God once gave us Ten Commandments to help teach us love.
They are not infallible indicators of love, for we can keep them and still not be loving, but they are infallible in one sense: if we are not keeping them then we clearly are not loving.
As we begin this New Year, I would like to offer 10 other commandments, 10 New Year’s resolutions, of a different genre. I call them 10 things we should try to befriend this year:
This year try to make friends . . .
- With your humanity . . .
To be human is to be fallible, wounded, dysfunctional, scarred, and living in a far from perfect world, family, church, body and history.
Don’t look for somebody to blame, to sue, to be angry at. This is the human condition. Make friends with it. Grief, not rage, is the proper response. Chaos, not blame, is what is at issue.
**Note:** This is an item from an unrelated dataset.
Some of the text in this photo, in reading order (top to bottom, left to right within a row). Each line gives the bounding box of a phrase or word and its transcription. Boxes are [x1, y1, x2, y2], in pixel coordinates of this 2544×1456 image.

An older generation called it “original sin.”
Don’t let the literature on dysfunctional families, valuable though it is, make you an enemy of your own condition—and of much of the world as well.
- With what is best in you . . .
Henri Nouwen recently said: “Here lies the great call to conversion: to look not with the eyes of my own low self-esteem, but with the eyes of God’s love.”
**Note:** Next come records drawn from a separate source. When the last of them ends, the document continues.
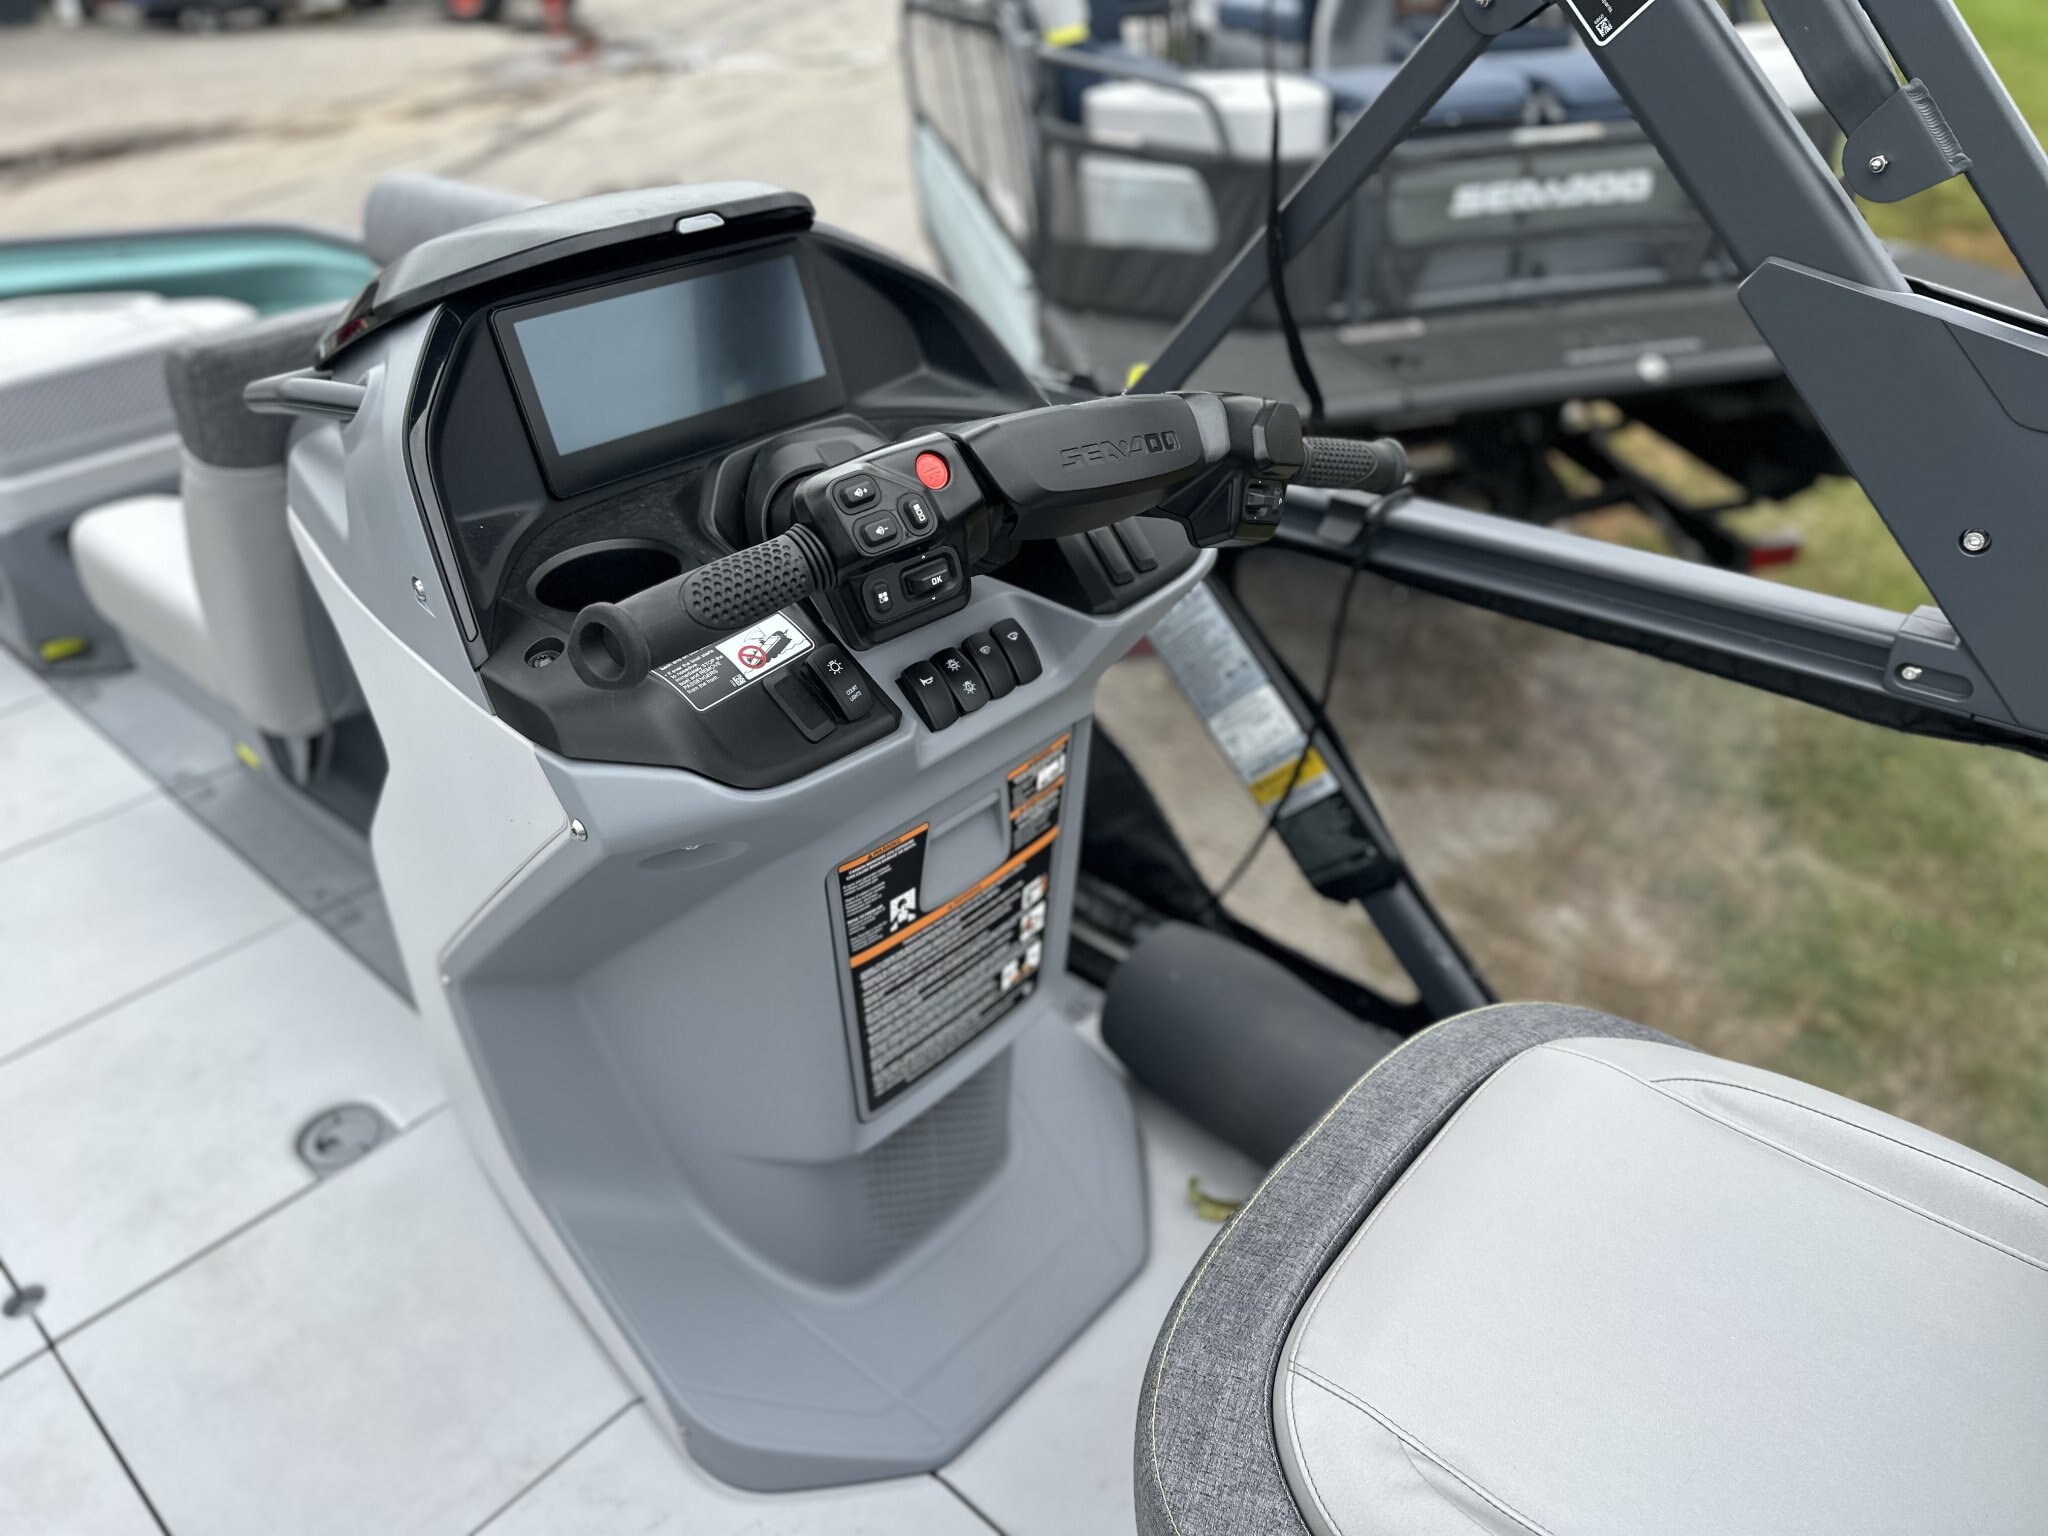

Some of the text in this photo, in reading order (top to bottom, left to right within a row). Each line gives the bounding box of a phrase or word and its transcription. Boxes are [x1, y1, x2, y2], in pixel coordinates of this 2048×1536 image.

[931, 575, 943, 586] OK
[690, 655, 701, 664] boat
[700, 649, 715, 658] starts
[701, 658, 715, 668] STOP
[678, 660, 722, 687] boat and REMOVE
[682, 668, 719, 691] PASSENGERS
[686, 686, 699, 694] from
[698, 681, 707, 689] the
[845, 684, 858, 696] COURT
[849, 690, 862, 702] LIGHTS
[872, 838, 902, 857] WARNING
As long as we look out at the world and others through our wounds we will be full of self-pity, bitterness and jealousy. If, however, we can look out through the prism of what’s best in us, through the sense of gratitude for where we’ve been blessed, our jealousy will turn to appreciation and we will be astonished by other’s goodness.
- With those who love you . ..
John Powell once said that there are only two potential tragedies in life: To go through life without loving and not to express love and affection for those who love us. We need to make better friends with our friends. We need to express affection, appreciation, contrition, and love frequently and readily. Thank those who love you, tell those whom you love that you love them.
- With chastity . . .
So much of our pain and restlessness comes from our lack of chastity. So much of our dishonesty and subsequent hardness of heart comes from not admitting this. Those with the heart of a child and virgin enter the kingdom of God.
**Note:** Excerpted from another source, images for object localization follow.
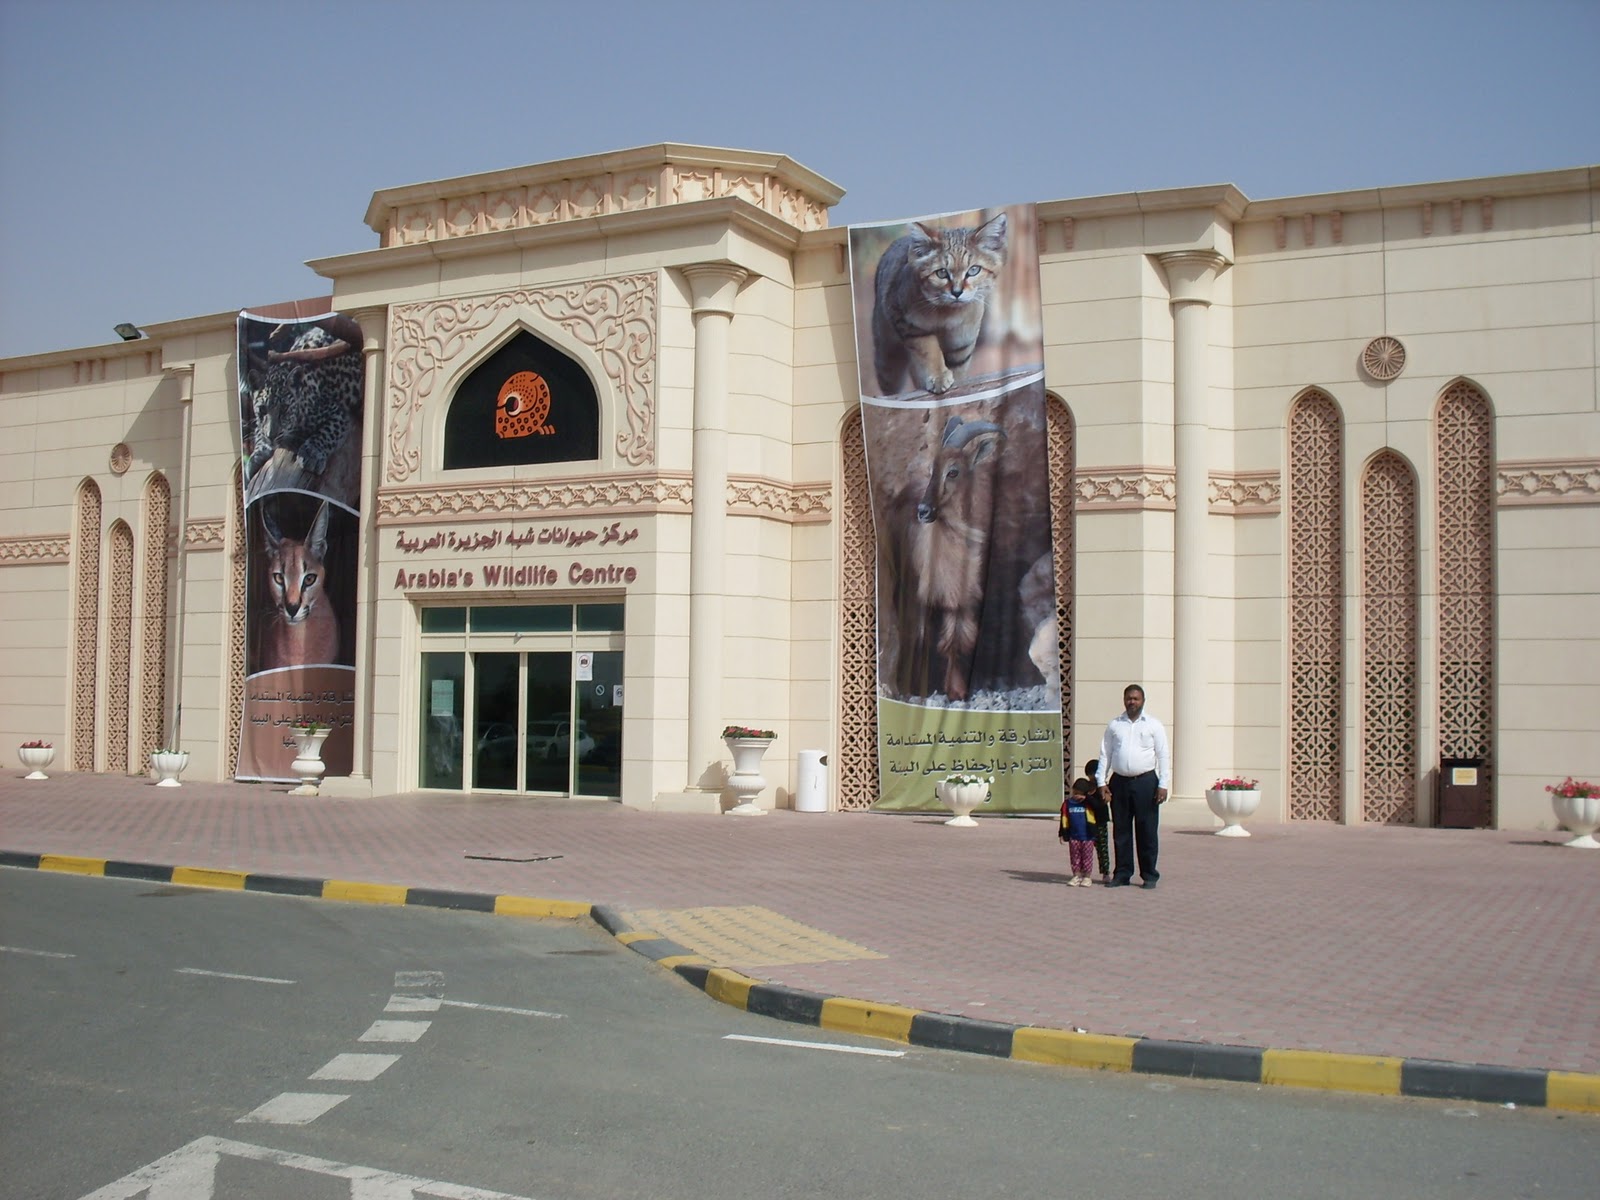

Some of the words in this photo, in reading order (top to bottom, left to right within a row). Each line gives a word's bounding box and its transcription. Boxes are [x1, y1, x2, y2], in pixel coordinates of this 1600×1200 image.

[396, 530, 446, 553] العربية
[448, 529, 502, 551] الجزيرة
[505, 527, 535, 550] شبه
[537, 525, 598, 547] حيوانات
[599, 522, 639, 546] مركز
[394, 568, 474, 589] Arabia's
[483, 564, 558, 587] Wildlife
[568, 562, 637, 585] Centre
[886, 732, 937, 747] المستدامة
[938, 730, 995, 747] والتنمية
[998, 728, 1055, 747] الشارقة
[922, 760, 947, 776] على
[951, 759, 1008, 774] بالحفاظ
[1010, 757, 1053, 774] التزام
We have sophisticated ourselves into unhappiness. Make friends with chastity. Make a searing and honest confession some time this year.
- With your own body . . .
Do not be afraid of your own body, of its goodness, its sexuality, its pleasures, its tiredness and its limits. It’s the only one you’ve got in any case!
Be friends with it. Don’t punish it, don’t spoil it, don’t denigrate it. It’s a church and it’s the medium through which you love and communicate. Give it enough rest, exercise, respect and love.
- With the other gender . . .
Women are angry, men are grieving, everyone is uneasy and picking away at somebody. Gender issues are real—but their resolution lies in deep and mutual sympathy. Make friends with what seems threatening to you in the other gender.
- With your Father . . .
The deepest hunger in the world today is “father hunger.” Reconcile with your own father, with other fathers and with God the Father. It’s only your father’s blessing that can deconstrict your heart.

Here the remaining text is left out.